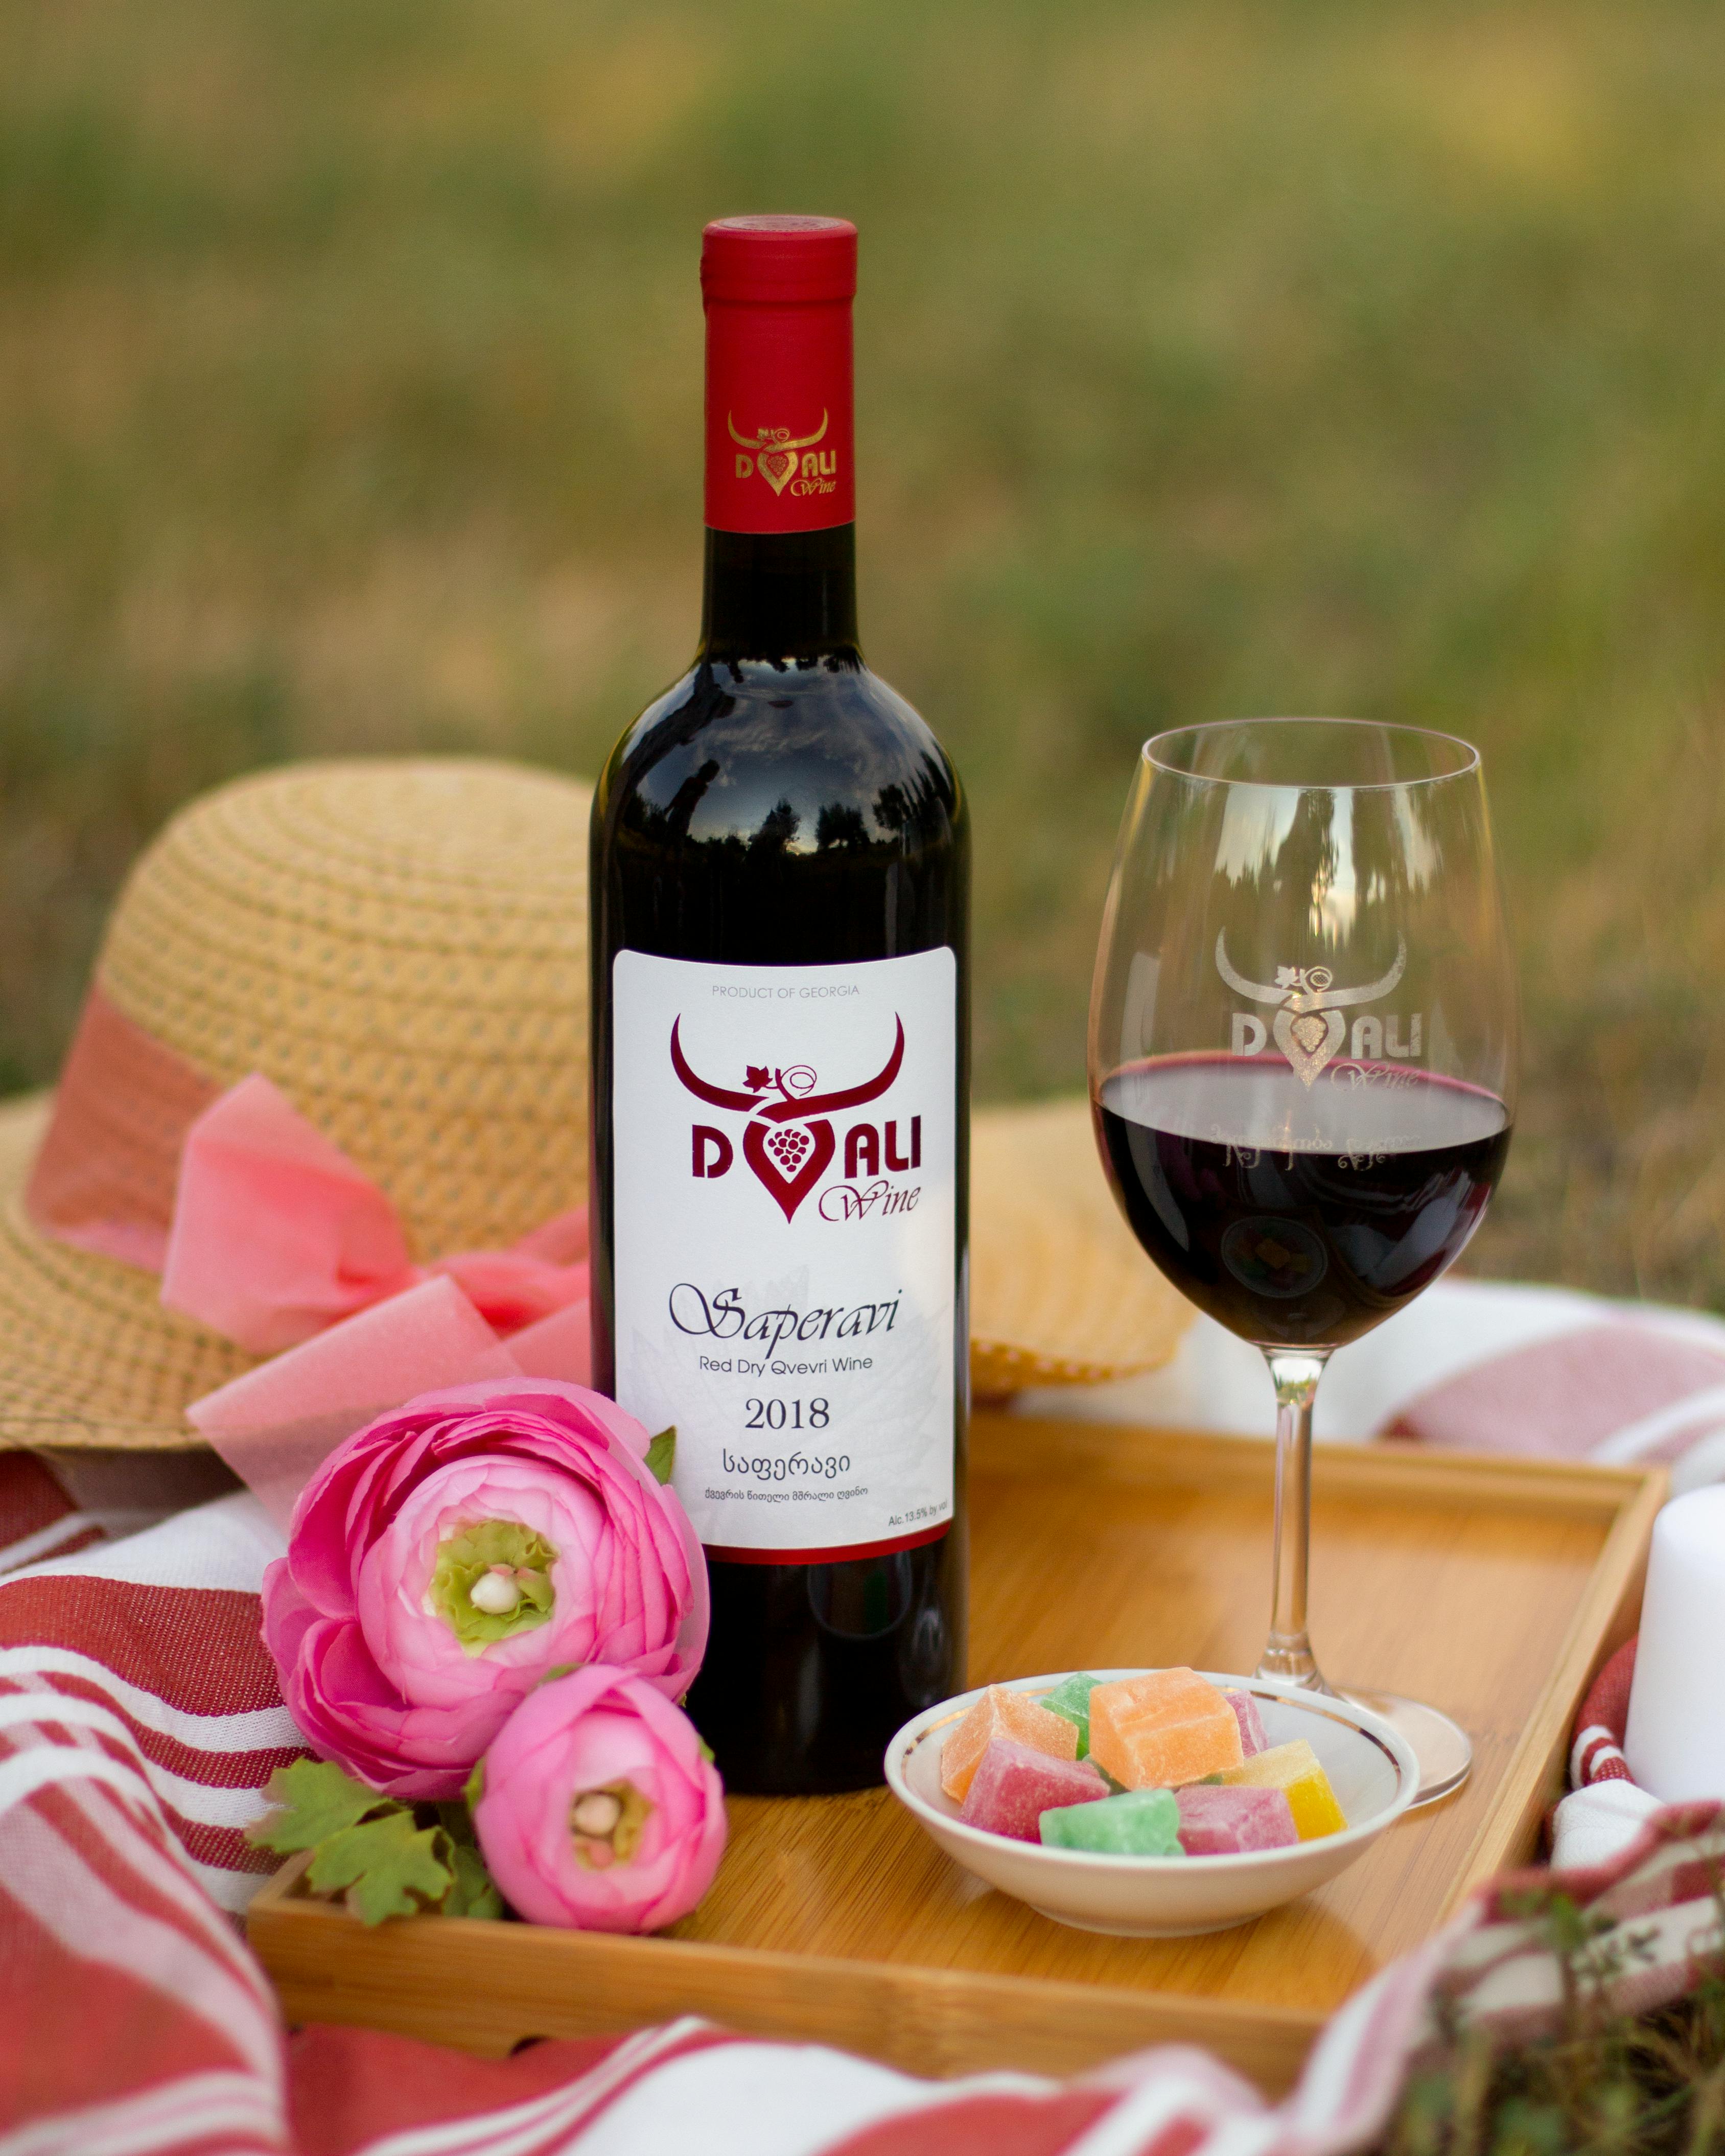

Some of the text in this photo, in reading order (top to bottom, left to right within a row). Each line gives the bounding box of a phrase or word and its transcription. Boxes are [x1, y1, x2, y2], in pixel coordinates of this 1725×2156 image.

[791, 478, 836, 496] Wine
[712, 985, 860, 999] PRODUCT OF GEORGIA
[1331, 1061, 1419, 1092] Wine
[819, 1180, 921, 1222] Wine
[669, 1283, 902, 1360] Saperavi
[700, 1356, 873, 1378] Red Dry Qvevri Wine
[744, 1398, 830, 1430] 2018
[723, 1448, 850, 1481] საფერავი
[705, 1486, 868, 1503] ქვევრის წითელი მშრალი ღვინო
[929, 1504, 938, 1517] by
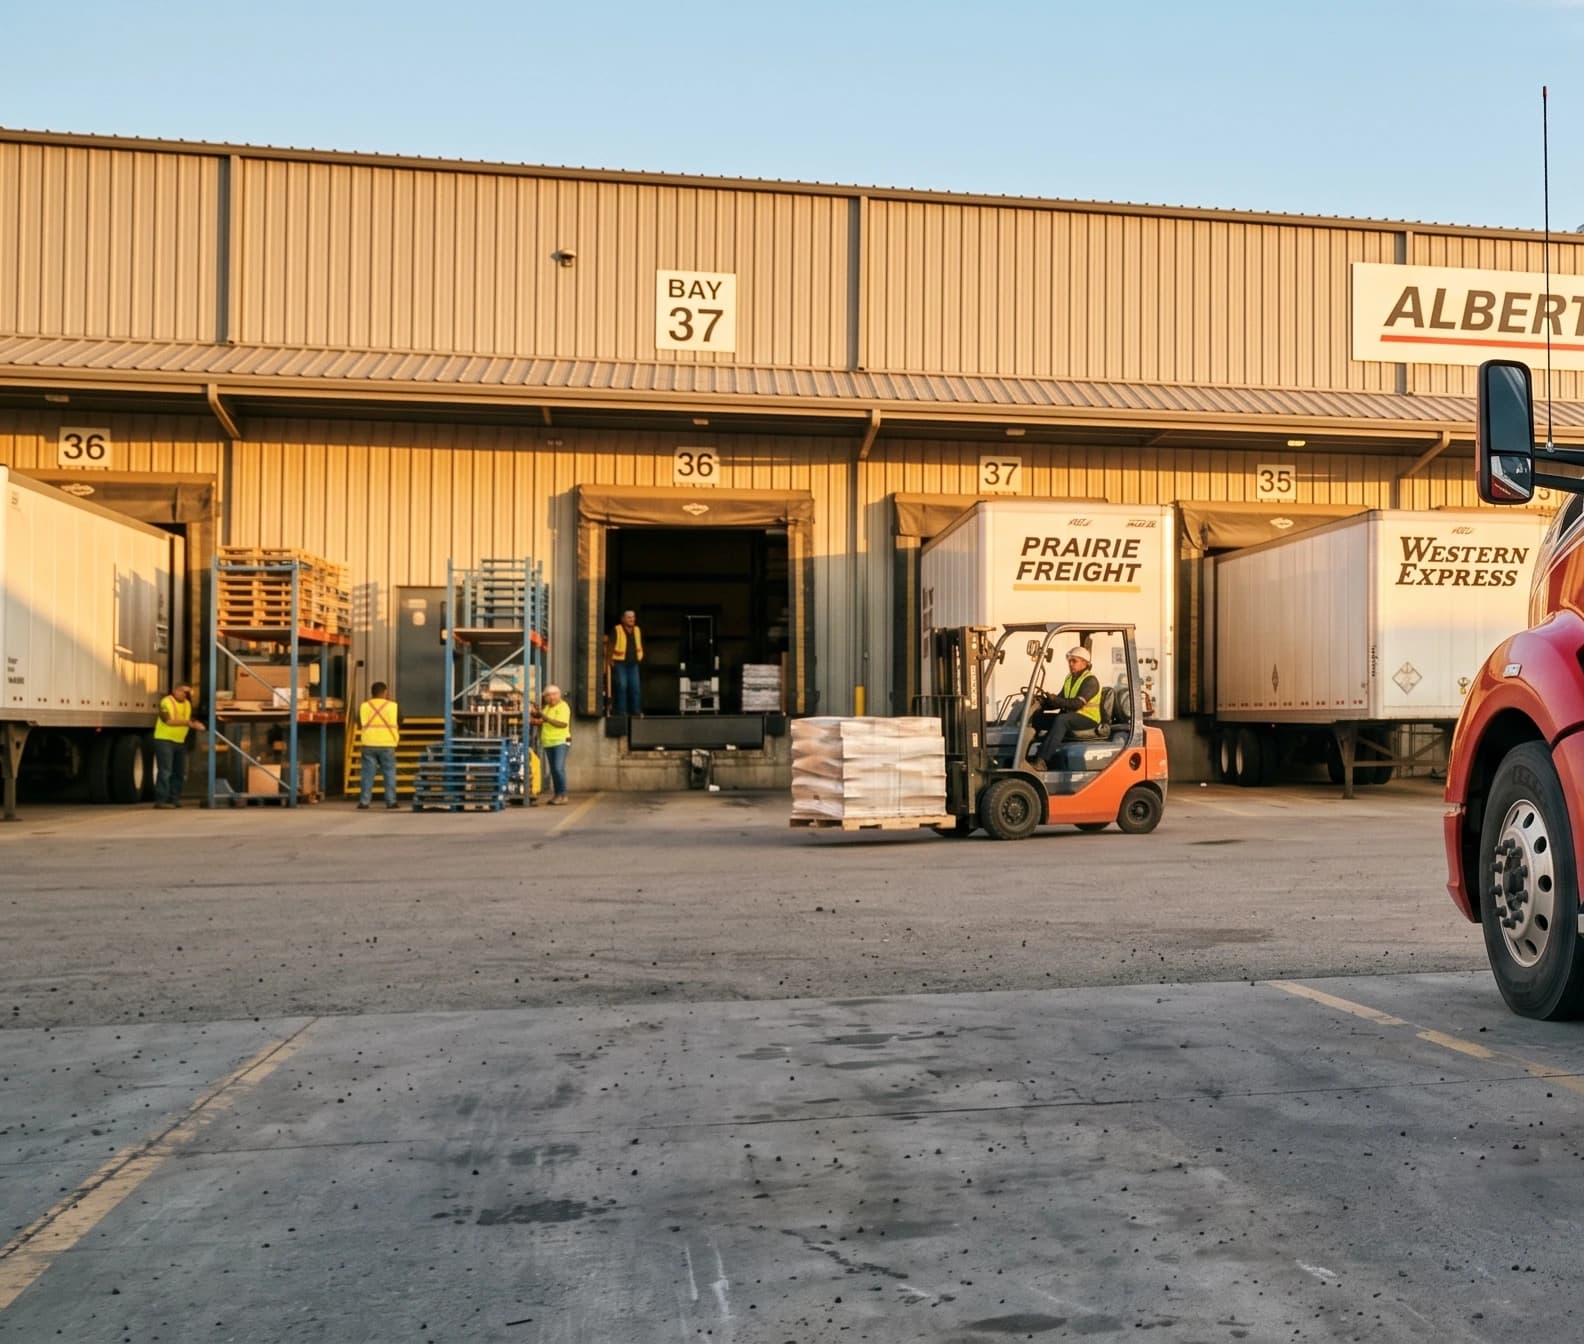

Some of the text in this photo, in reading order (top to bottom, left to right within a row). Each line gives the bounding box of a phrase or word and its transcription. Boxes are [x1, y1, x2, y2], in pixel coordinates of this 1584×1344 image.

[668, 279, 723, 300] BAY
[668, 306, 724, 342] 37
[63, 433, 106, 460] 36
[677, 452, 713, 477] 36
[984, 462, 1019, 486] 37
[1260, 470, 1291, 493] 35
[1021, 536, 1141, 559] PRAIRIE
[1400, 536, 1530, 564] WESTERN
[1016, 561, 1142, 583] FREIGHT
[1395, 563, 1518, 587] EXPRESS

....................

* _Assignment_
Transcribe each entry above exactly, apart from the pictures.

* _Result below_
Some of the text in this photo, in reading order (top to bottom, left to right within a row). Each line gives the bounding box of a phrase or word and its transcription. Boxes are [x1, y1, x2, y2], in pixel coordinates of this 1725×2156 image.

[791, 478, 836, 496] Wine
[712, 985, 860, 999] PRODUCT OF GEORGIA
[1331, 1061, 1419, 1092] Wine
[819, 1180, 921, 1222] Wine
[669, 1283, 902, 1360] Saperavi
[700, 1356, 873, 1378] Red Dry Qvevri Wine
[744, 1398, 830, 1430] 2018
[723, 1448, 850, 1481] საფერავი
[705, 1486, 868, 1503] ქვევრის წითელი მშრალი ღვინო
[929, 1504, 938, 1517] by

Some of the text in this photo, in reading order (top to bottom, left to right within a row). Each line gives the bounding box of a phrase or word and its transcription. Boxes are [x1, y1, x2, y2], in pixel coordinates of this 1584×1344 image.

[668, 279, 723, 300] BAY
[668, 306, 724, 342] 37
[63, 433, 106, 460] 36
[677, 452, 713, 477] 36
[984, 462, 1019, 486] 37
[1260, 470, 1291, 493] 35
[1021, 536, 1141, 559] PRAIRIE
[1400, 536, 1530, 564] WESTERN
[1016, 561, 1142, 583] FREIGHT
[1395, 563, 1518, 587] EXPRESS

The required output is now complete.